• _WHAT IS REQUIRED_
Transcribe all of the records word for word, but omit the pictures.

• _DATA_

=====

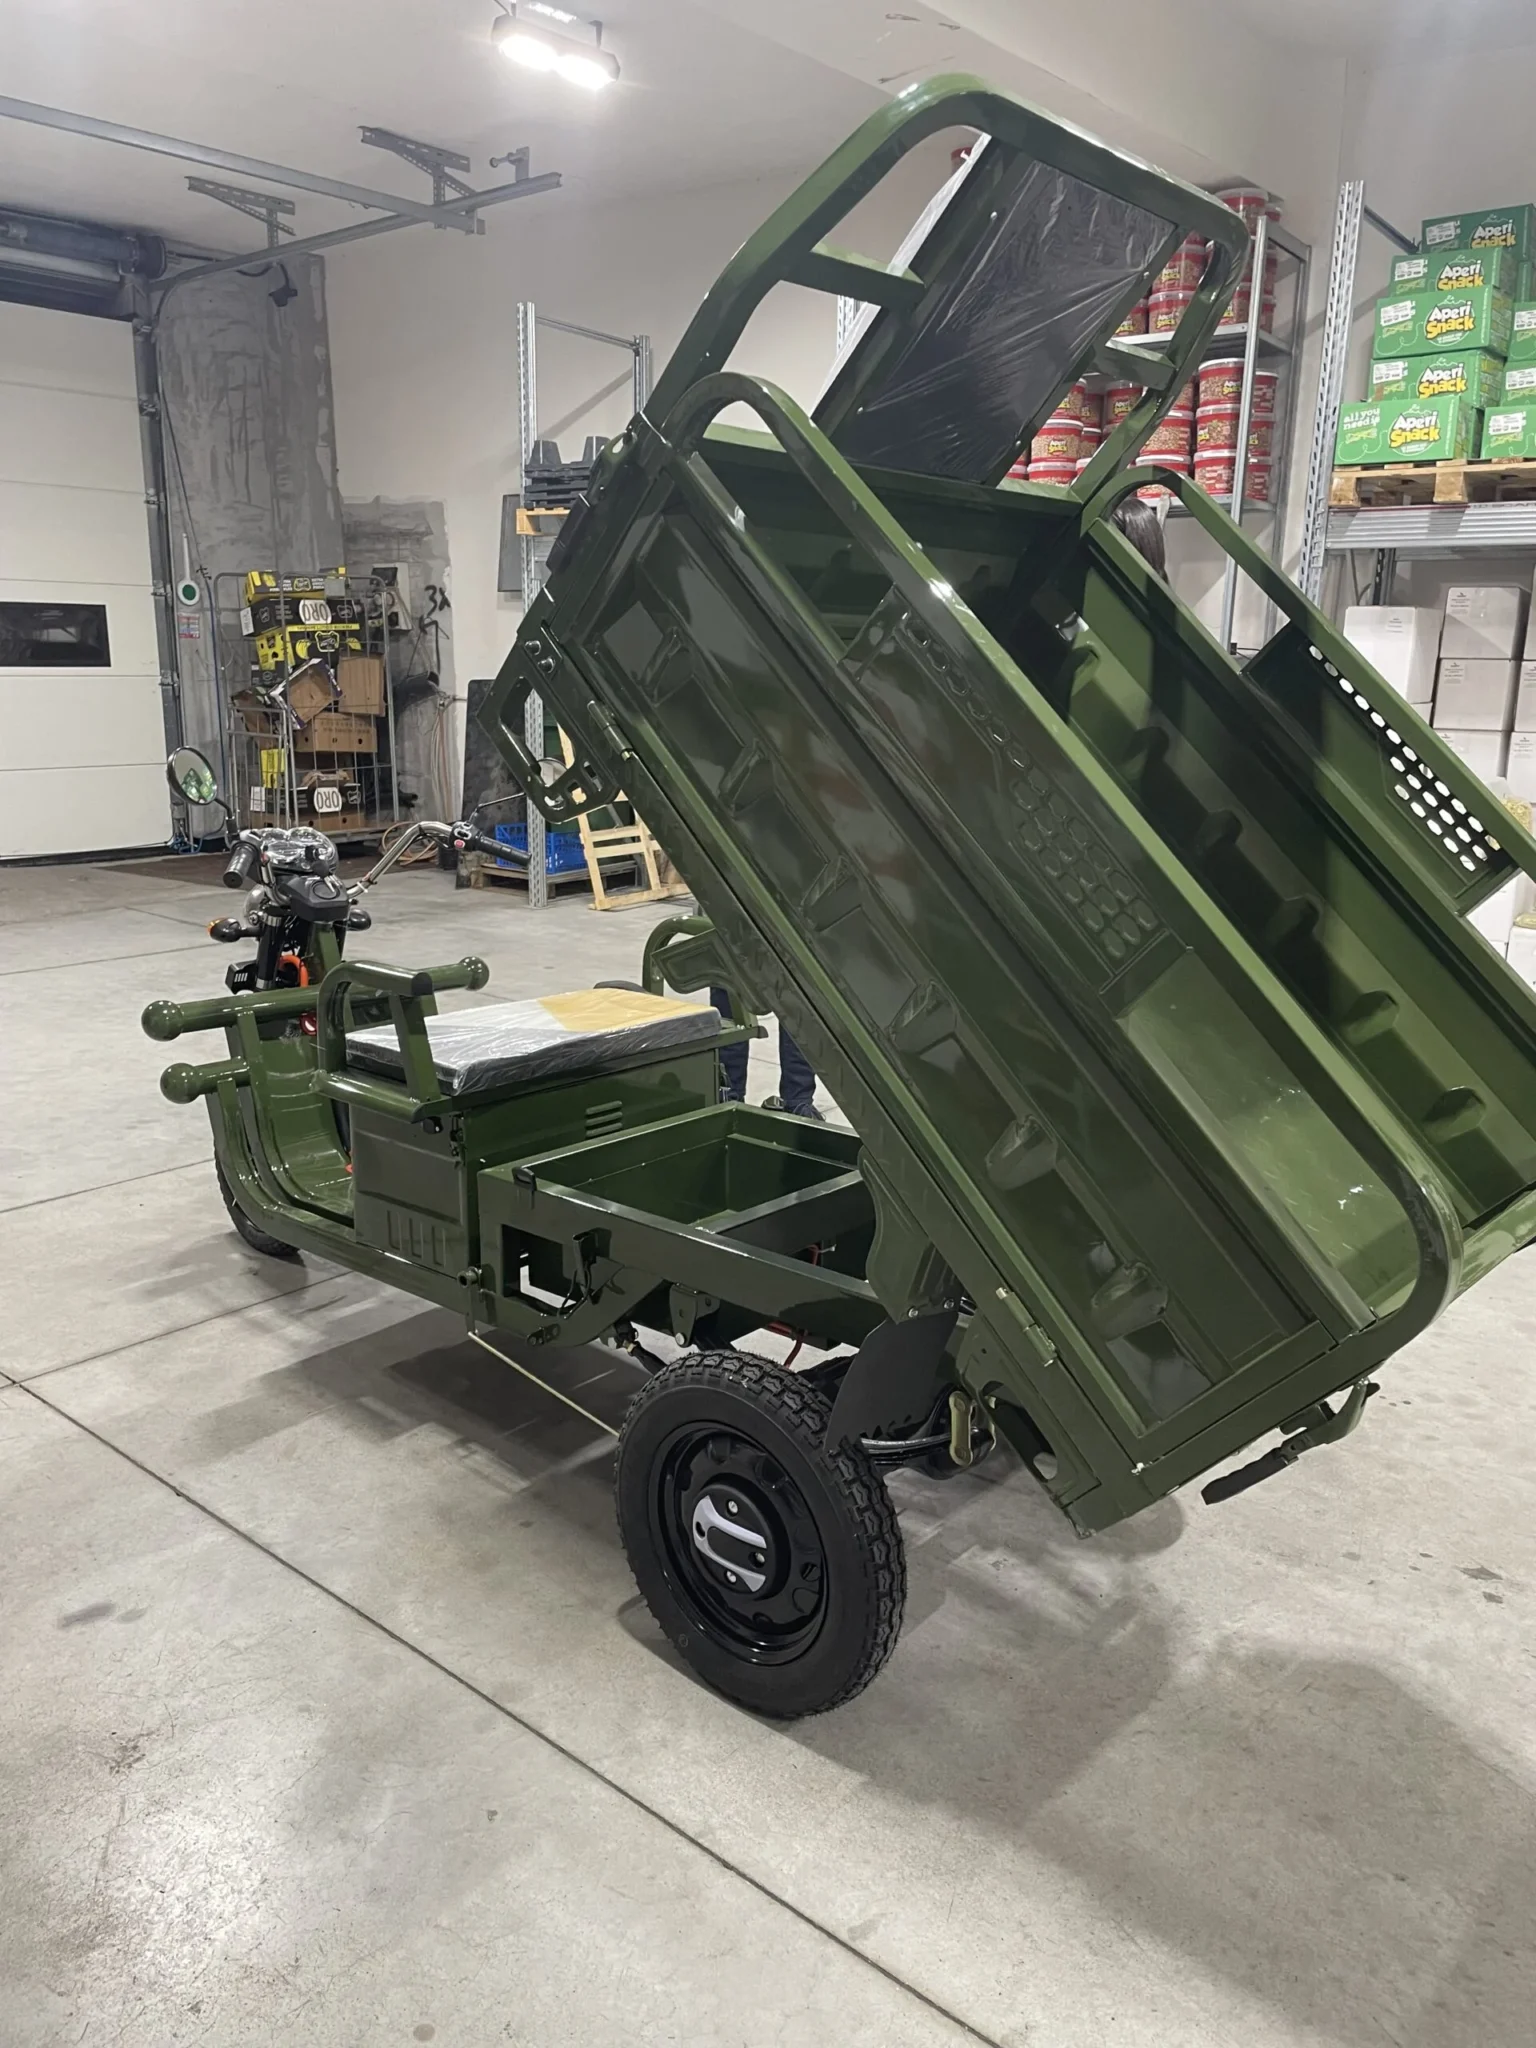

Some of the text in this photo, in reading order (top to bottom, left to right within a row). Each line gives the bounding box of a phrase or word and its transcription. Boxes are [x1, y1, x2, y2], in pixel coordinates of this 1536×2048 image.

[1473, 219, 1513, 240] Aperi
[1471, 234, 1516, 249] Snack
[1440, 260, 1482, 280] Aperi
[1437, 274, 1484, 291] Snack
[1428, 300, 1472, 322] Aperi
[1426, 316, 1475, 339] Snack
[1421, 363, 1464, 383] Aperi
[1418, 377, 1467, 399] Snack
[1343, 408, 1380, 423] all you
[1343, 417, 1370, 430] need
[1392, 411, 1438, 431] Aperi
[1390, 426, 1441, 448] Snack
[302, 603, 329, 621] ORO
[316, 791, 340, 810] ORO

=====

• _TASK ANSWER_
Some of the text in this photo, in reading order (top to bottom, left to right within a row). Each line gives the bounding box of a phrase or word and its transcription. Boxes are [x1, y1, x2, y2], in pixel coordinates of this 1536×2048 image.

[1473, 219, 1513, 240] Aperi
[1471, 234, 1516, 249] Snack
[1440, 260, 1482, 280] Aperi
[1437, 274, 1484, 291] Snack
[1428, 300, 1472, 322] Aperi
[1426, 316, 1475, 339] Snack
[1421, 363, 1464, 383] Aperi
[1418, 377, 1467, 399] Snack
[1343, 408, 1380, 423] all you
[1343, 417, 1370, 430] need
[1392, 411, 1438, 431] Aperi
[1390, 426, 1441, 448] Snack
[302, 603, 329, 621] ORO
[316, 791, 340, 810] ORO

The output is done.